If you ever wanted to write neoclassical metal… well that is the secret. Or pop songs. Or classical music. Whatever. It works.
Which leads us to the next question:
“Ok that’s cool, but there is a crap load of chords to work out there.”
Yes, there is. It would be a great exercise for you to go through them and work them all out. But as this is a journal for my own notes, I’m going to put down the ‘answers’:
Lower case numeral = minor chord
Upper case numeral = major chord
o = diminished chord
+ = augmented chord
(7) = Can also be a dominant 7 chord if you want
This table is a good starting point for showing us what options we have available for composing.
I like to whittle this table down to the chords that are easiest to use, and to also omit the names of the scales.
When I’m writing music, I don’t want to be thinking “this is this scale and this is that scale”, I want a fast list of rules I can apply.
This is pretty cool – we’ve now reduced a complex piece of theory into a small table of chords we can use. It is also easier to memorise.
I’m not saying that you don’t need to bother learning how to spot which scales these chords come from. You should learn that, especially if you want to solo over the top of a progression that has been written this way. However, purely for the purposes of writing new riffs and coming up with musical ideas, you do not need to know which chord comes from which scale.
You just need to know what works.
As a side note, you should get used to writing progressions using the table, and then work out what scales to use to solo over it. This way, you will quickly learn how to spot which chords come which scales.
When it comes to minor keys, we have a couple of non-diatonic (chords out of the scale) that we can also use, that sound great:
Use of Non Diatonic Chords When Writing Songs in Minor Keys
Often when songwriting, the iio is problematic, by which I mean, it can sound crap. Fortunately, someone invented something called a Neapolitan chord, which is where we replace the 2nd chord in the key with a bII chord (a major chord whose root is on the b2 of the scale). We can update our table to the following:
It is a really cool chord, and you have almost certainly heard it being used extensively. This is a killer tool for writing songs in minor keys. It gives a bit of a phrygian sound to your music.
So for example, if we were in the key of A minor, the iio would be a Bdim chord. The Neapolitan chord would be Bb∆ (Bb major).
Another neat trick when writing songs in minor keys, is something called a Picardy third. This is when the i chord is substituted with a I chord. It’s traditionally used at the end of pieces, but there is no reason you can’t slap it in the middle of a chord progression if you want to.
The music theory police will not come looking for you.
Seal put a Picardy Third in the verse sections of Kiss From a Rose… it seemed to work out well for him. Yngwie Malmsteen uses it all over the place (you can see a specific example in the arpeggio sequence in Liar).
Anyway, back to how this fits in with what we have worked out so far.
Adding the Picardy Third into our table:
As an example, let’s say we were writing in the key of A minor.

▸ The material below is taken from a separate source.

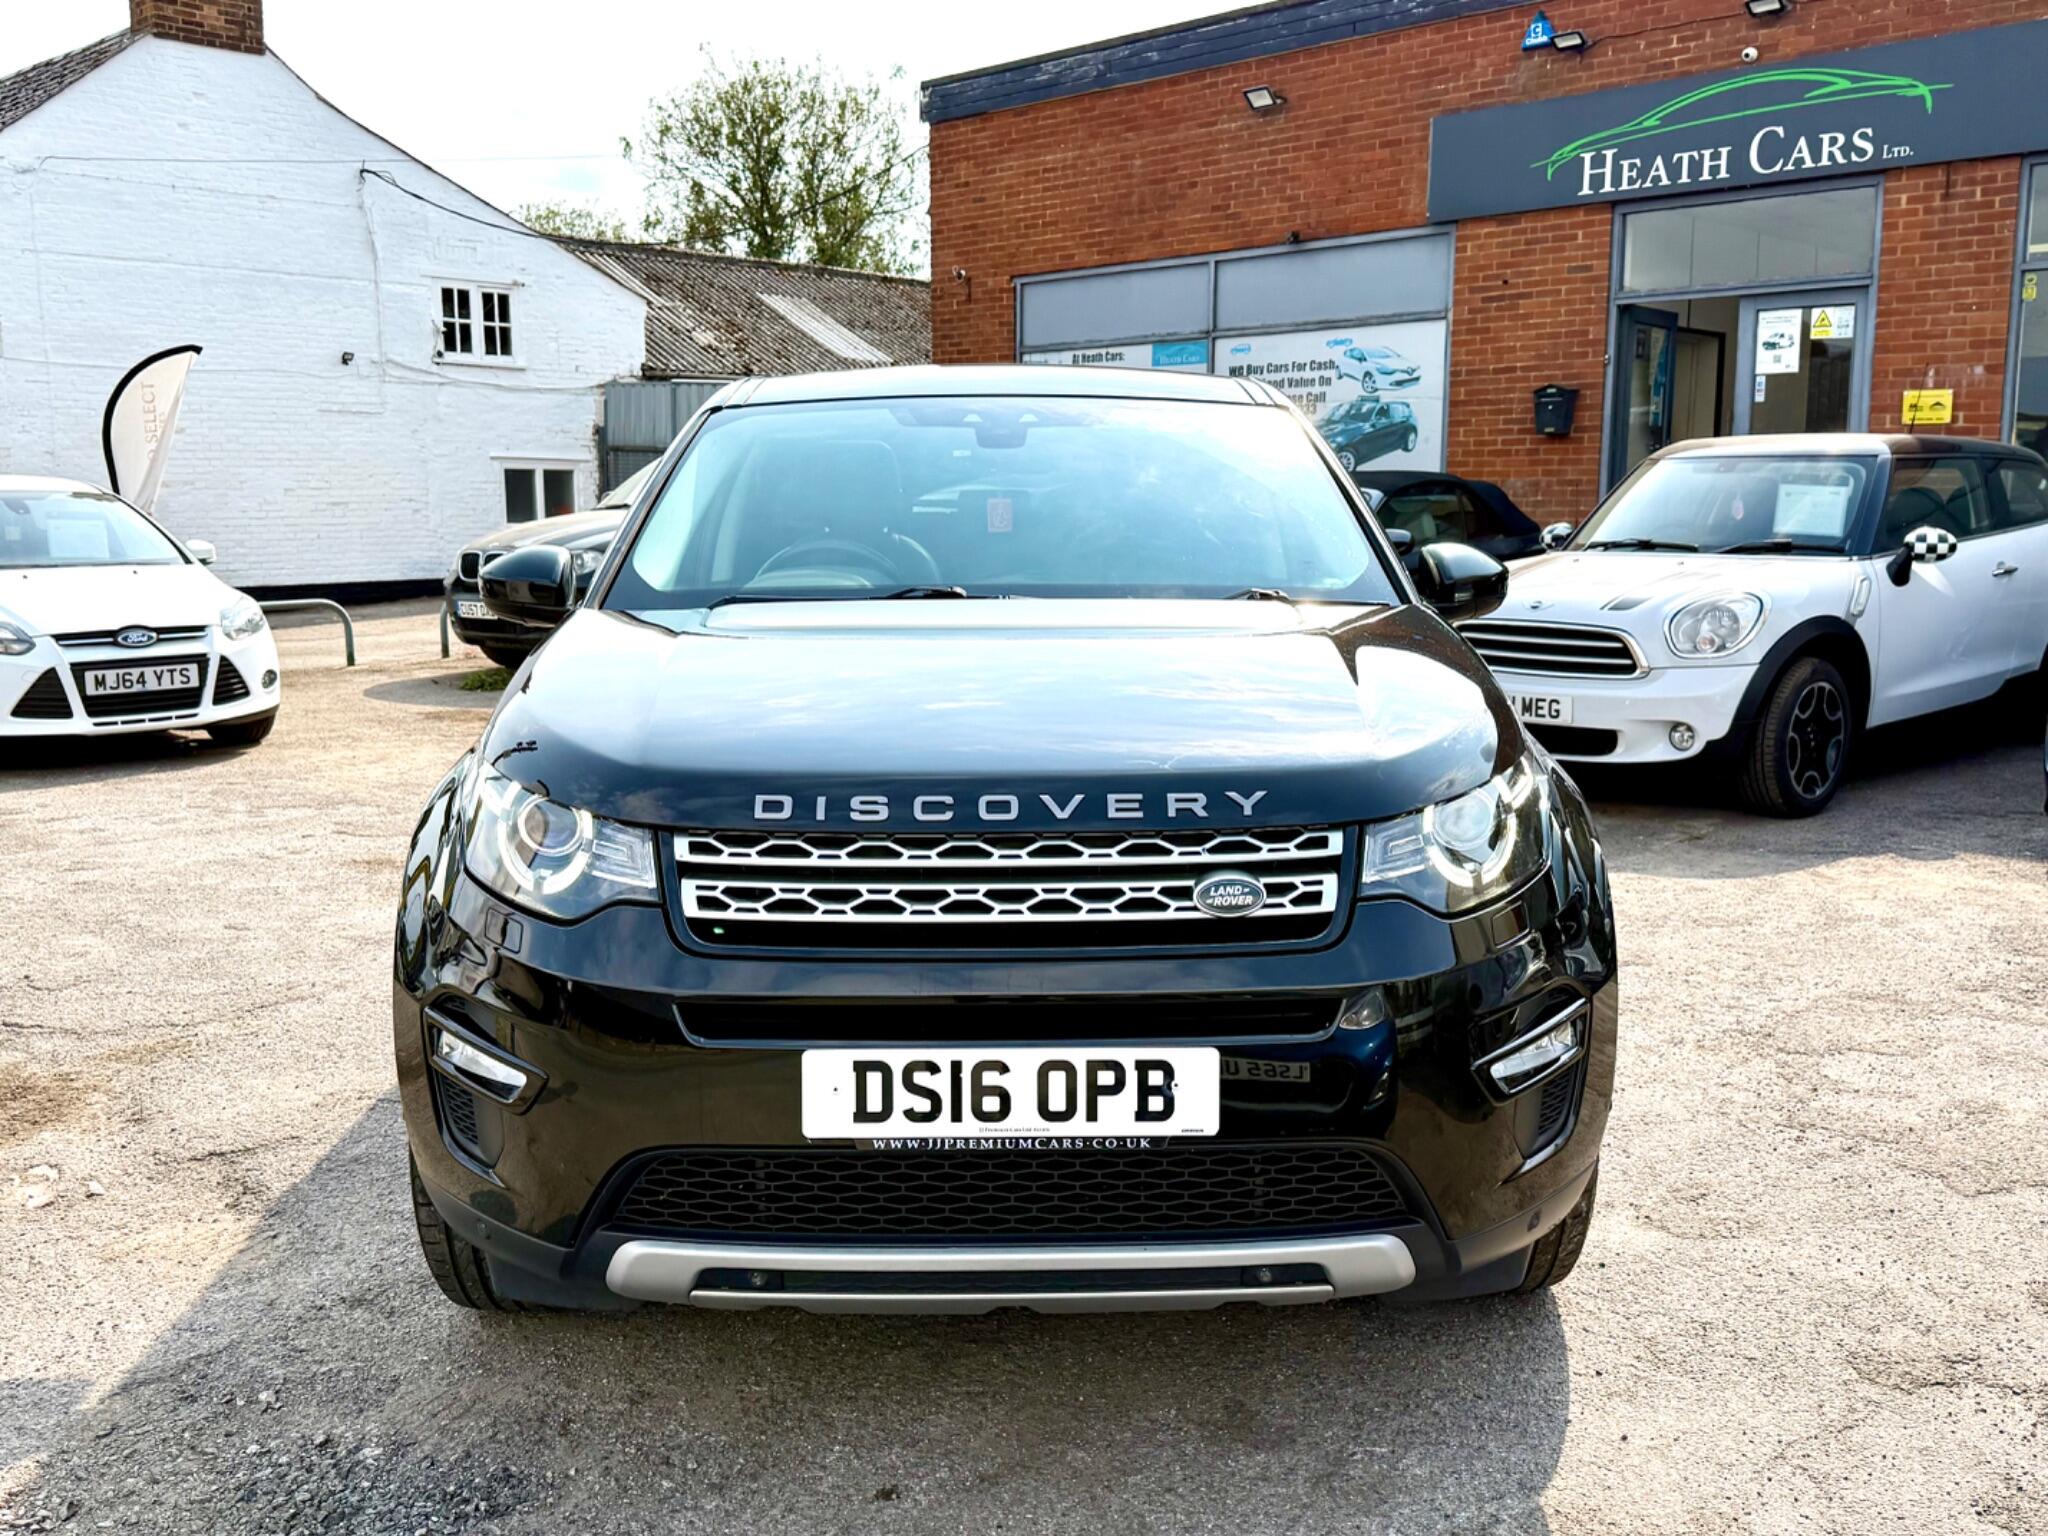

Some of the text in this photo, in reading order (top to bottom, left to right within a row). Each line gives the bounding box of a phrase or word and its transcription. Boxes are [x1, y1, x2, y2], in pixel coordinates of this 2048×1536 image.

Our table would look like this:
How can you apply this?
Literally anywhere you are writing songs in minor keys, or just a section of a song. You can use this to write chord progressions, to write riffs, or to write a cool sweep picking lick.
You can use this when you are analysing a piece, to help spot the function of non-diatonic chords.
Think of this table as a list of “things that musically work” together.
The best way to understand how to use this… is to have a go.
Write some chord progressions.
Write some arpeggio licks.
Have a go… and enjoy the results.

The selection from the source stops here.